_What is expected_. Leaving the pictures aside, repeat the entries exactly.

_Data_.
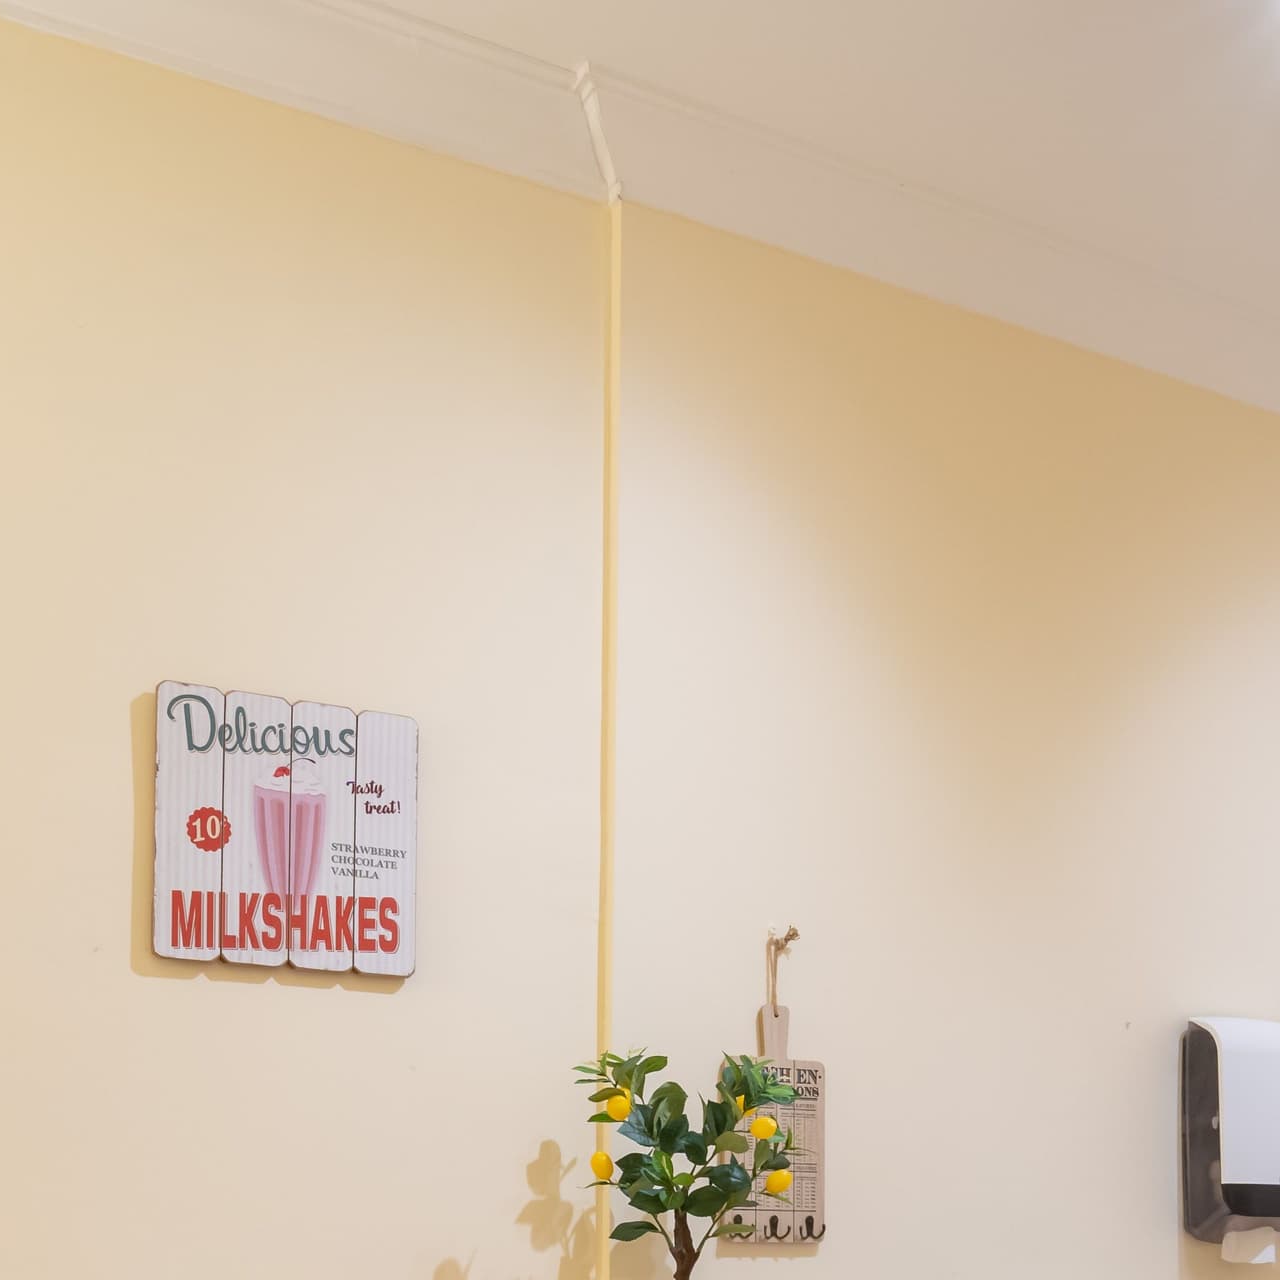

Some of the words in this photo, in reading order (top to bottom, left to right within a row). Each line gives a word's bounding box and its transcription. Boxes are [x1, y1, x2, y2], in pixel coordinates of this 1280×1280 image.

[167, 694, 355, 757] Delicious
[346, 780, 384, 798] Tasty
[363, 800, 401, 815] treat!
[331, 842, 407, 859] STRAWBERRY
[331, 855, 398, 870] CHOCOLATE
[331, 867, 379, 880] VANILLA
[171, 890, 400, 954] MILKSHAKES

_Response for this exercise_.
Some of the words in this photo, in reading order (top to bottom, left to right within a row). Each line gives a word's bounding box and its transcription. Boxes are [x1, y1, x2, y2], in pixel coordinates of this 1280×1280 image.

[167, 694, 355, 757] Delicious
[346, 780, 384, 798] Tasty
[363, 800, 401, 815] treat!
[331, 842, 407, 859] STRAWBERRY
[331, 855, 398, 870] CHOCOLATE
[331, 867, 379, 880] VANILLA
[171, 890, 400, 954] MILKSHAKES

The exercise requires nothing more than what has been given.